☆ランキング☆
にほんブログ村 経営ブログへ

最新記事一覧

最新コメント

最新トラックバック

2019年10月22日

障がい者を隔離するな、交ぜろ ~焼肉キングコングの挑戦

今回も「日本の革新者たち」(齊藤義明著:㈱ピーエヌ・エヌ新社)を元に地方創生に取り組む企業を紹介します。

「常識とは18歳までに身に着けた偏見のコレクションである」

とは、アインシュタインの名言。常識とは親や友達、学校、マスコミ等から、「正しい」と教わった観念の集合体に過ぎない。一方、創造や革新とはその受動的な認知から脱却し、世の中の常識の何か一部or全部を作り替えようとする挑戦だと言える。時代と共に常識は変わってきたし、国によって常識が番うように、常識とは可変的である。常識とは革新者によって塗り替えられていくものなのです。

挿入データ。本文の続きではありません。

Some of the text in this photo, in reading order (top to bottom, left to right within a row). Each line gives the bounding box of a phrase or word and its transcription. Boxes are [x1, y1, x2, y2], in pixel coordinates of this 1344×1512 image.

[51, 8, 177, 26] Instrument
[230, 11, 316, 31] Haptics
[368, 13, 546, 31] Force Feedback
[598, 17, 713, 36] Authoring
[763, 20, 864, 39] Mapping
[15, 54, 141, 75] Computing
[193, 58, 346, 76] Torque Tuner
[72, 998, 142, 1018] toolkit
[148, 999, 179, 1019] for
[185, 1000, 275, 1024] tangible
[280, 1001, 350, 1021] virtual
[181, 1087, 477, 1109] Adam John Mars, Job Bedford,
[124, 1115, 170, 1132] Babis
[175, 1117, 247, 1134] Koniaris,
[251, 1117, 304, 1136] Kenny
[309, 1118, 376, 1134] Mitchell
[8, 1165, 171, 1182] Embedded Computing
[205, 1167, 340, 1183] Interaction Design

沖縄に、㈱NSPが経営する「焼肉パラダイス キングコング」という店がある。11人の従業員のうち5人に知的、身体、精神の障がいがある。常識的には、接客も含まれる飲食業において、これだけの障がい者を抱えて大丈夫なのだろうか?

写真はコチラからお借りしました

写真はコチラからお借りしました

にほんブログ村 経営ブログへ

NSPの親会社であるナガイ産業は10数年前に、かつてピークだった年商が1/3にまで落ち込み経営困難に陥った。あらゆるコストカットを行い、何とか持ち直したものの、それが原因で慢性的な人手不足となり、従業員の気持ちは荒み、店の雰囲気は最悪になった。

そこに現れたのが高校生アルバイトの武夫君。武夫君は勤務当初から物覚えが悪く、同じミスを何度も繰り返し、目線が合わず、上手くコミュニケーションが取れない等の苦情が、客からだけでなく、店のスタッフからも出て来て、店の状況が益々悪くなったのだ。

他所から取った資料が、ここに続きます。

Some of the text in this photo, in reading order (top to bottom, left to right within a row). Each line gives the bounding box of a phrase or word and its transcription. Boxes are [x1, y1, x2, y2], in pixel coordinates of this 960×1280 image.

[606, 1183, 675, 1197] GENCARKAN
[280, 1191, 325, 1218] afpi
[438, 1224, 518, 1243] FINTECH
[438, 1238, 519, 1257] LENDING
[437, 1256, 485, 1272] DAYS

しかしそんな中でも武夫君は「この仕事が好き」と言い、いつも張り切って出勤。相変わらずミスを繰り返すものの、辞めることなく、凹むことなく、人手不足の過酷な店舗に出勤し続けた。当時、アルバイトは無断欠勤・退職がザラだった状況での武夫君の存在は、いつしか店の安心基盤になっていく。しかも武夫君は業務内容の好き嫌いがなく、何にでも取り組んでいくので、いつしかオールマイティな動きが出来る人材になっていた。勤務して3年目になると社員が頼りにし、しかしそれでもミスする武夫君を常連のお客さんがフォローするまでに仲良くなっていた。
この武夫君が障がい者であることを知ったのは、店で働きだして随分と経ってから。NSP砂川代表は、「最初に障がい者と知っていたら、理由もなく雇用しなかったかも?」とのこと。障がい者に対して「業務効率が悪い、生産性が低い、何考えているか分からない」という偏見(≒常識)は少なからず皆持っているから。

しかしこの経験を踏まえ、砂川代表は2012年に障がい者雇用を打ち出します。そして障がい者を「不器用だけど一生懸命」という意味で「BIメンバー」と呼ぶことに。
しかし当時、従業員は障がい者に対して水と油→やはり仕事は全く上手くいかなかった。
そこでBIメンバーと健常者従業員がペアを作り、2人1組で仕事をする方式にした。そしてお互いの仕事ぶりでの気付きや良かった点を探し合う作業を毎日繰り返した。これにより相互理解が深まり、どう伝えればBIメンバーが動きやすいか、が分かり業務効率も飛躍的に上昇したのです。当然、職場の雰囲気は良くなり、仕事も楽しくなるという相乗効果にもつながります。そしてガタガタだった会社はV字回復を見せます。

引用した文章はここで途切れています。